During a recent expedition to the Gulf of California, researchers uncovered one of its deepest, darkest secrets. They stumbled across the deepest known high-temperature hydrothermal vents in the Pacific Ocean, lying more than 3,800 meters (12,500 feet) down and surrounded by its own unique community of creatures.
The team, working at the Monterey Bay Aquarium Research Institute (MBARI), first realized that they might be onto something when they looked at the sonar data collected by an autonomous underwater vehicle (AUV). The little yellow robot spent a couple of days whizzing along at about 50 meters (164 feet) above the Gulf's floor, mapping its depth and shape.
“Before the AUV survey of Pescadero Basin, all we knew was that this area was really deep and filled with sediment. I was hoping to find a few outcrops of lava on the seafloor,” said David Clague, a geologists at MBARI. “But we got lucky. The vent field was right on the edge of our survey area, along a fault at the western edge of the basin.”
When the team then analyzed the data collected by the AUV, they found mounds and spires rising from the sea bed, and a spike in the temperature in the region. This was prime evidence that there might be some vents hiding in the dark. So they sent a remotely operated vehicle (ROV) down to investigate, and collected videos and samples from the underwater chimneys spewing superheated water into the chilly water of the Gulf.

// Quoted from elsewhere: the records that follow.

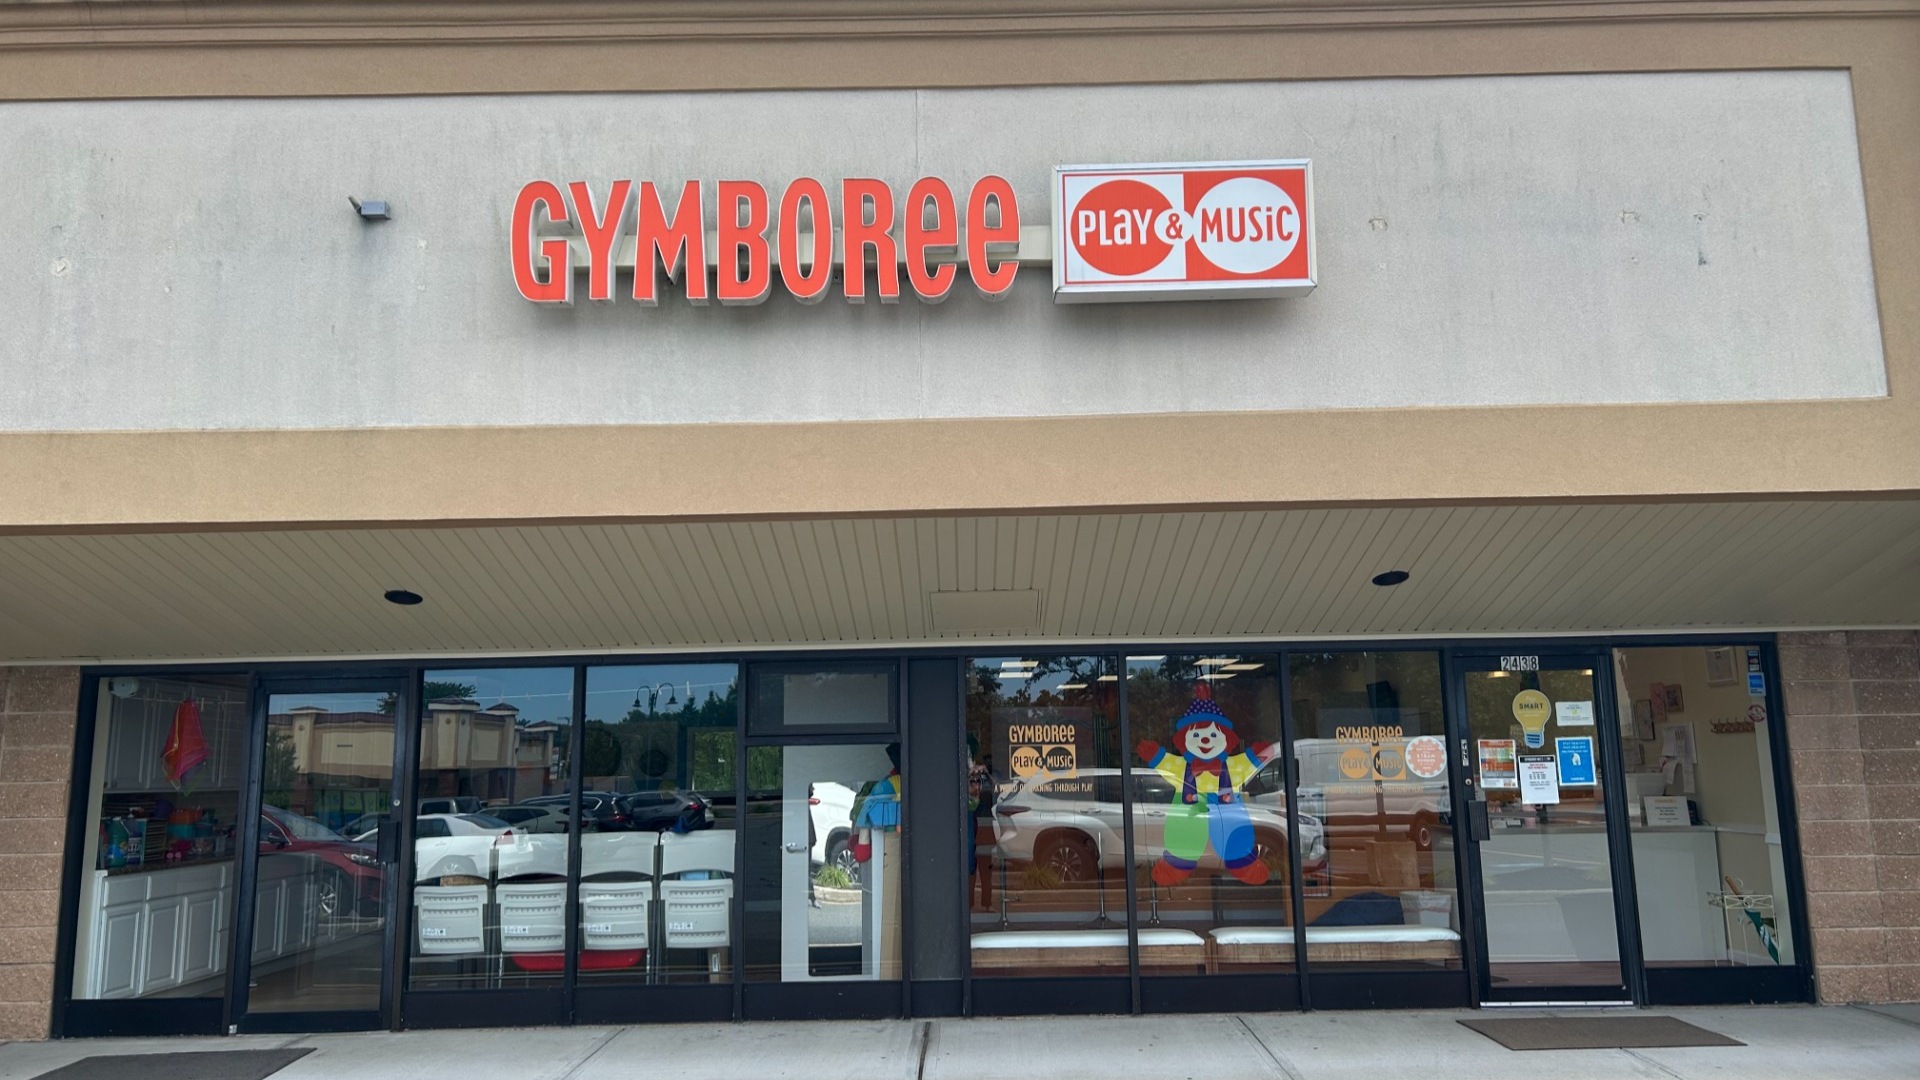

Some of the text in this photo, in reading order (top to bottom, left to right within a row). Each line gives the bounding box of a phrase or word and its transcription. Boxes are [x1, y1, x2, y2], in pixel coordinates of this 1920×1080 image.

[1165, 212, 1183, 240] &
[1502, 656, 1539, 671] 2438
[1519, 702, 1543, 710] SMART
[1054, 783, 1080, 792] THROUGH
[1081, 783, 1094, 792] PLAY

When the samples made it back to the surface, the scientists were in for even more of a surprise. Rather than being made of dark sulfide minerals as they were expecting, the chimneys from this vent field were made of light-colored carbonate mineral. This makes the Pescadero Basin only the second place in the world where carbonate chimneys have been found. They made three more dives at the site to establish what animal communities lived around the hydrothermal vents.
They discovered that different parts of the vent field, which stretched for 400 meters (1,312 feet), had differing geology, revealing at least three distinct types of hydrothermal chimneys. In addition to the carbonate vents, they also found black smokers and hydrothermal seeps. Each region harbored its own specific animal clique.

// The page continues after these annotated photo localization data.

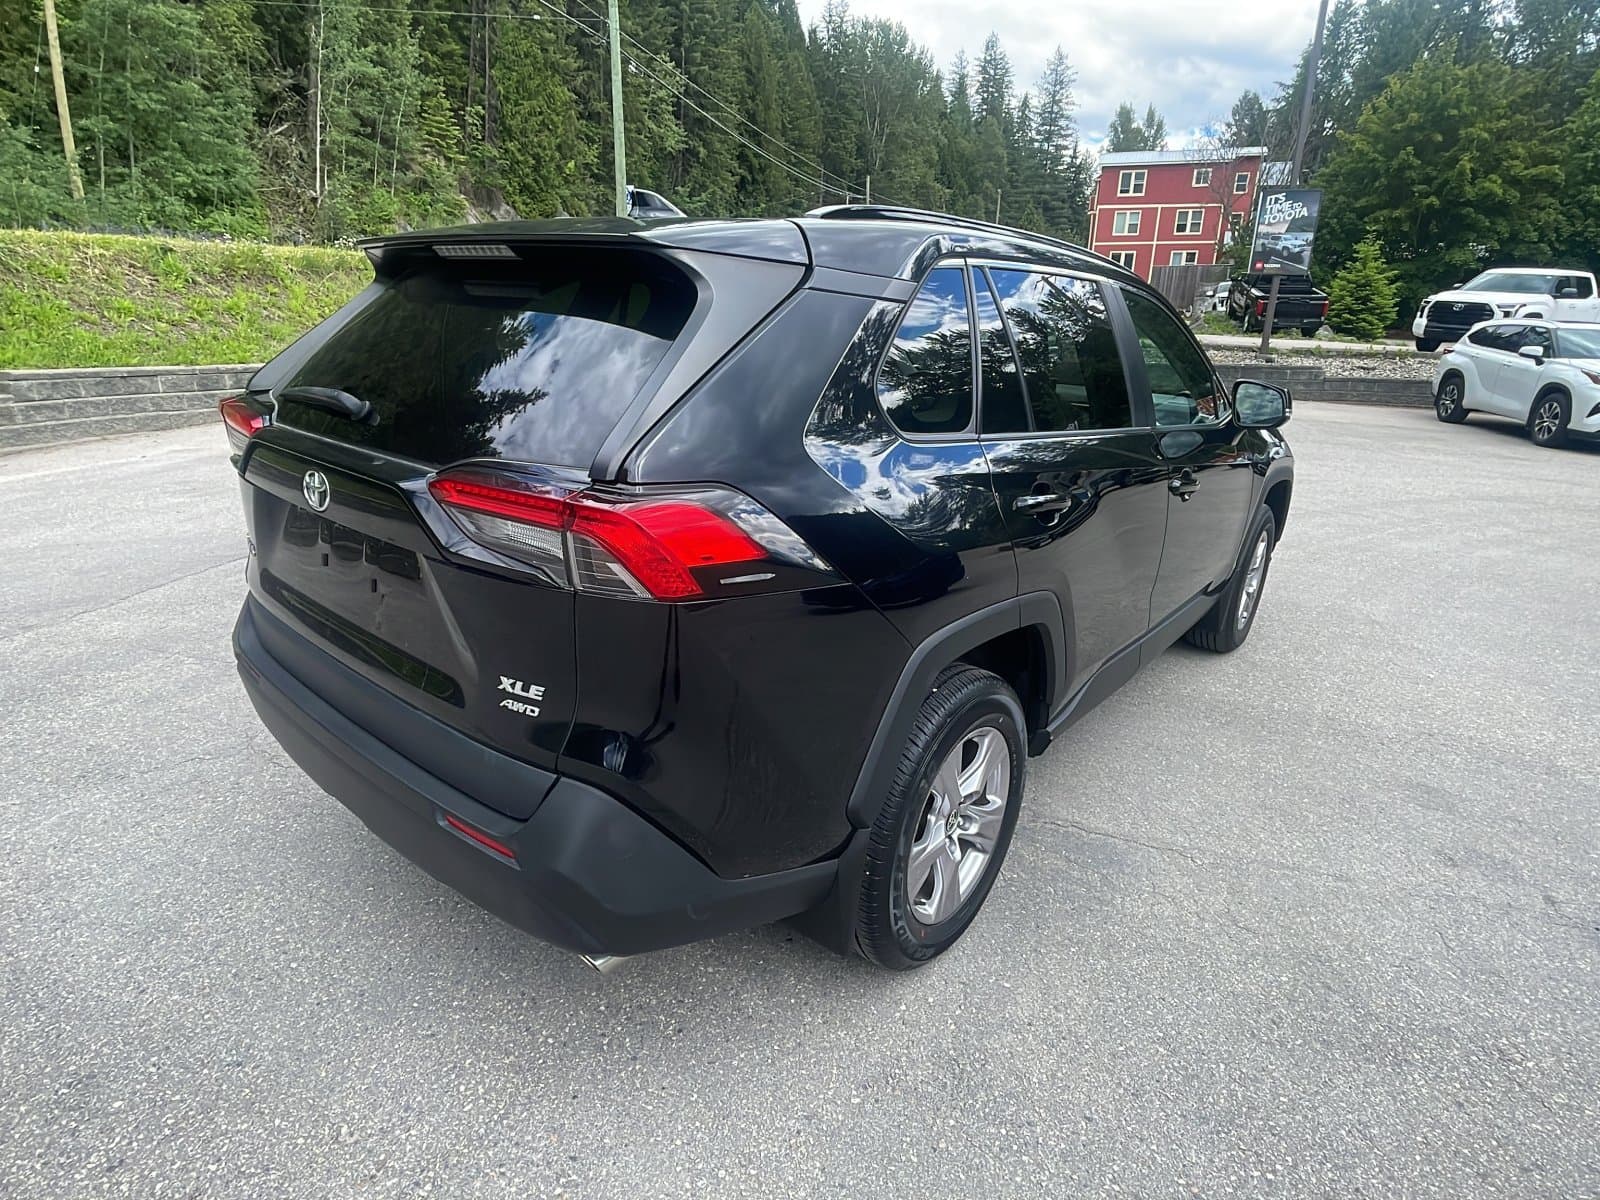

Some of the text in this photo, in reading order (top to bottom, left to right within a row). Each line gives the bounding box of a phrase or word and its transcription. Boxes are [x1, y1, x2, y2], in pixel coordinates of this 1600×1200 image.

[1265, 201, 1303, 215] TIME TO
[1266, 192, 1286, 206] IT'S
[1263, 207, 1308, 225] TOYOTA
[497, 675, 546, 701] XLE
[499, 699, 540, 717] AWD

What united the three areas, however, was that the dominant clams and tubeworms that lived around the vents, and can grow to over 2 meters (6 feet) in length, host specialized bacteria that allows the worms to feed off the chemicals rich in heavy metals and toxins that spew out of the vents. The team plan on going back to the chimneys to try and figure out what it is that determines what type of vents form where.